FIG. 7.

PIM mutants of Hoxa9 exhibit the same ability as wild-type Hoxa9 to reestablish differentiation arrest CM3neo cells but differ from wild-type Hoxa9 in reestablishing differentiation arrest in CM1puro cells. CM3neo (A) or CM1puro (C) cells were infected with retrovirus expressing wild-type Hoxa9 or mutants of Hoxa9 in the PIM or HD. At 48 h after infection of CM3neo cells, estrogen was removed, and the number of live nonadherent cells in the cultures was quantitated over 10 days. Populations whose differentiation arrest was reestablished by Hoxa9 proteins were analyzed for the level of Hoxa9 protein expression by immunoblotting using anti-Hoxa9 sera (B).
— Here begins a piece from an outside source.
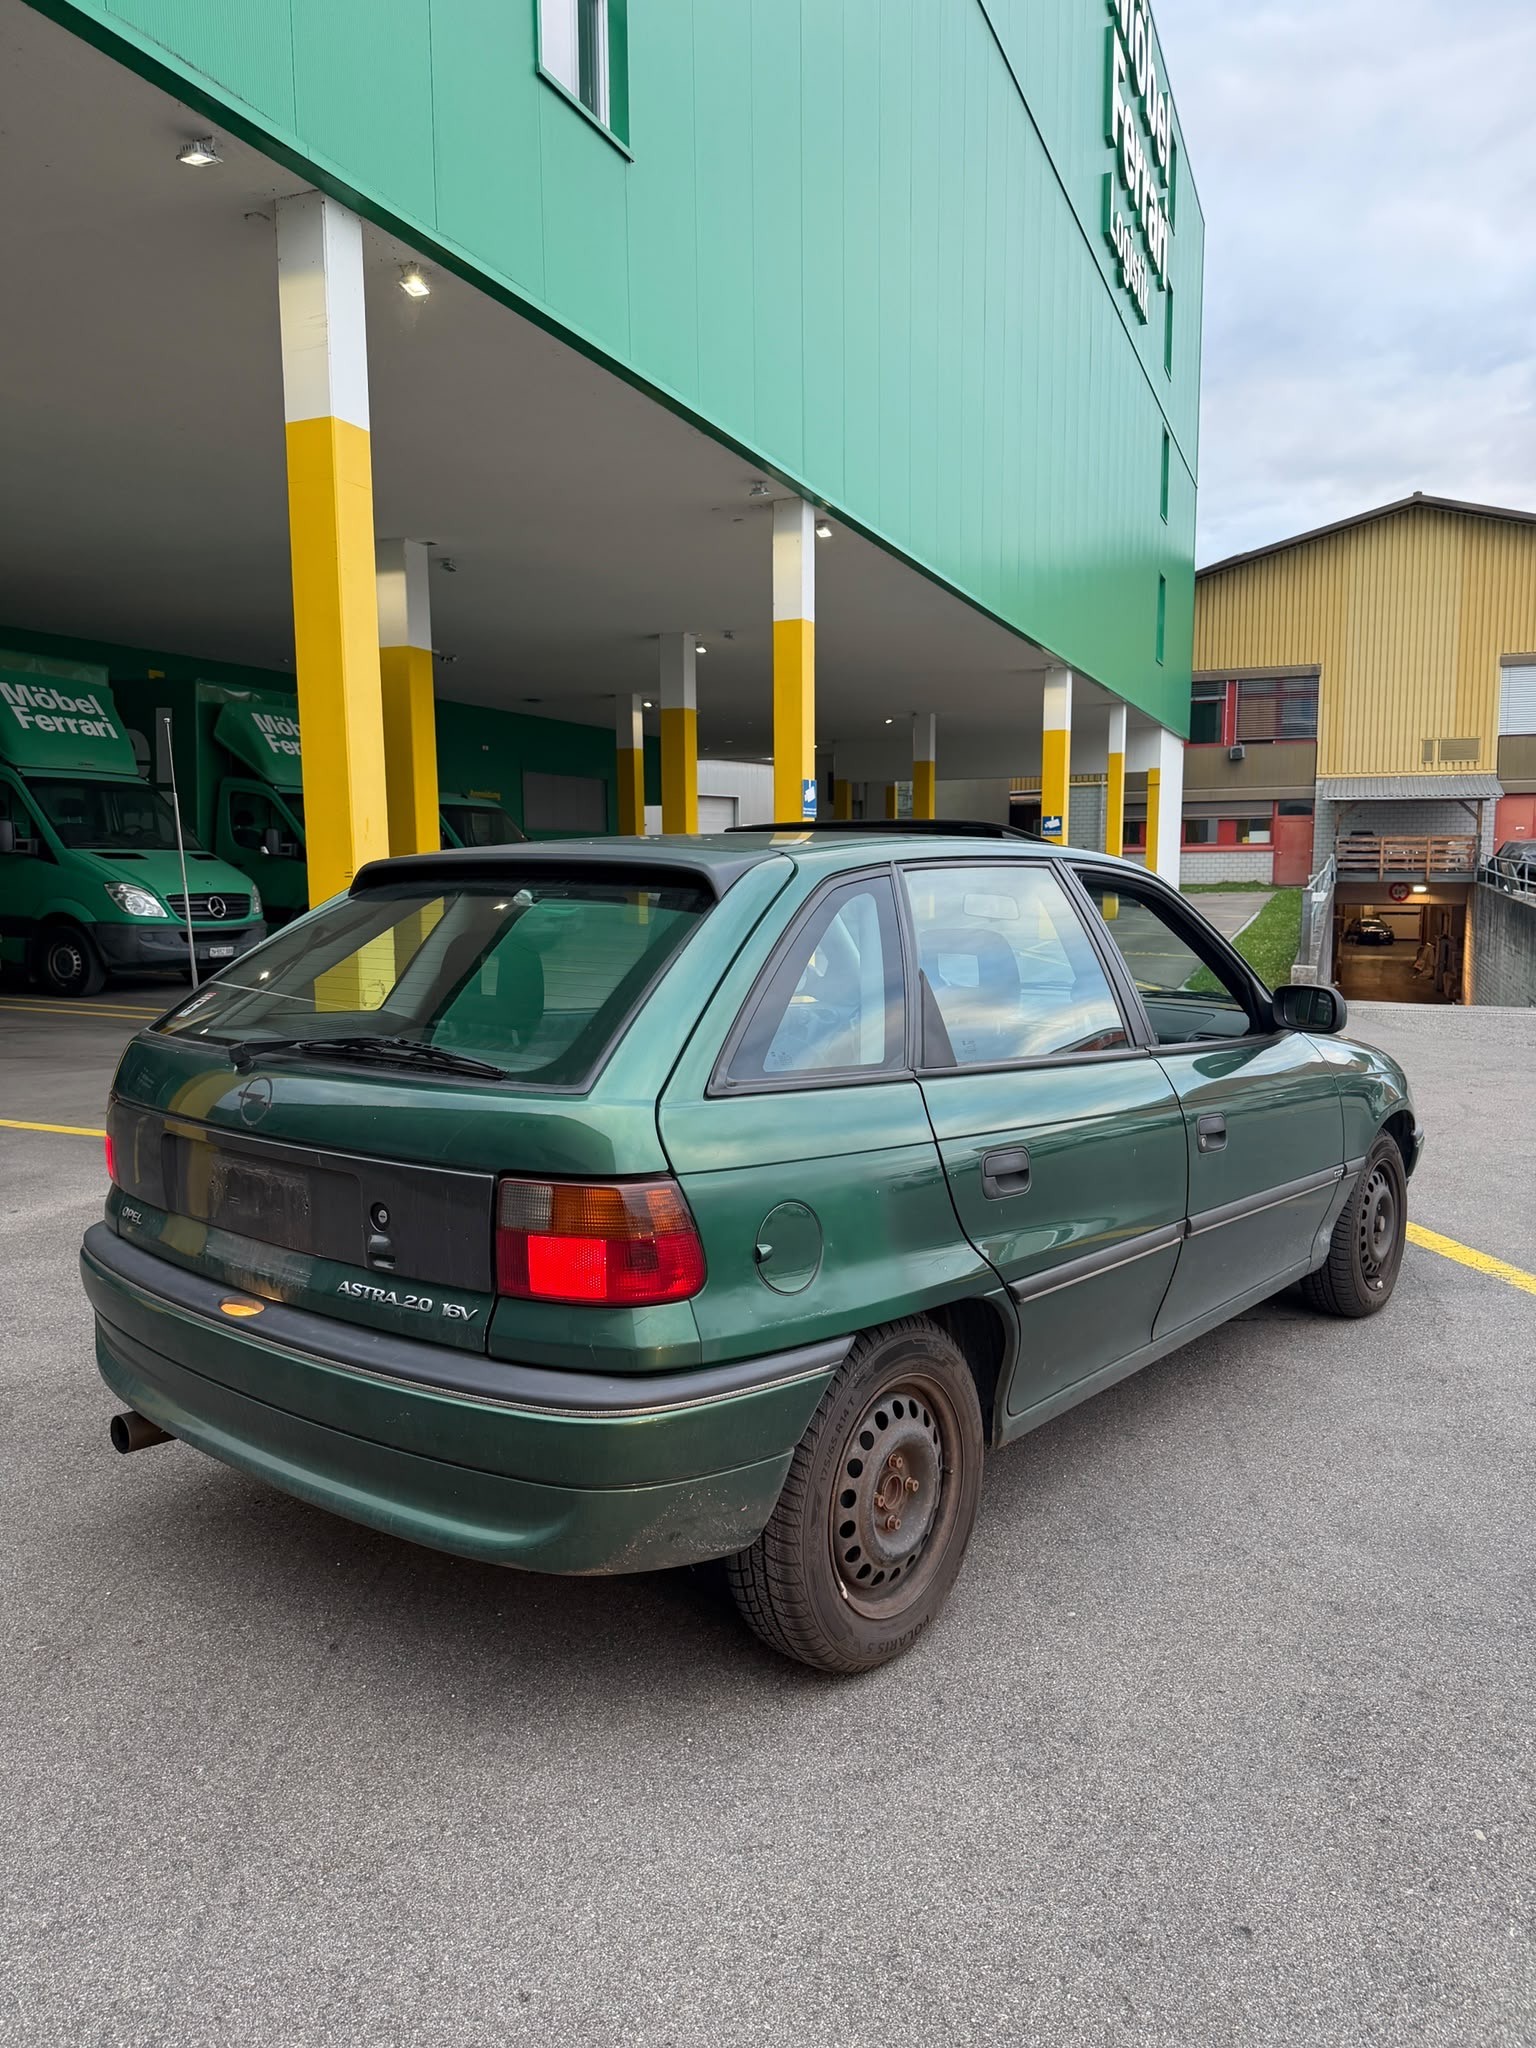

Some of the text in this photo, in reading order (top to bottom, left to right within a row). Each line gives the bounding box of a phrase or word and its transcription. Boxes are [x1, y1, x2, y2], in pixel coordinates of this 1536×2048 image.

At 48 h after infection of CM1puro cells, cells were selected for retroviral gene expression by growth in G418, and the abundance of Hoxa9 proteins was quantitated using anti-Hoxa9 immunoblotting before estrogen was removed (D). Once estrogen was removed, the abundance of live nonadherent cells was quantitated over 26 days. The identity of the Hoxa9 protein encoded by retrovirus used to infect each population is designated adjacent to the growth profiles in both panels A and C and above each lane in immunoblots B and D.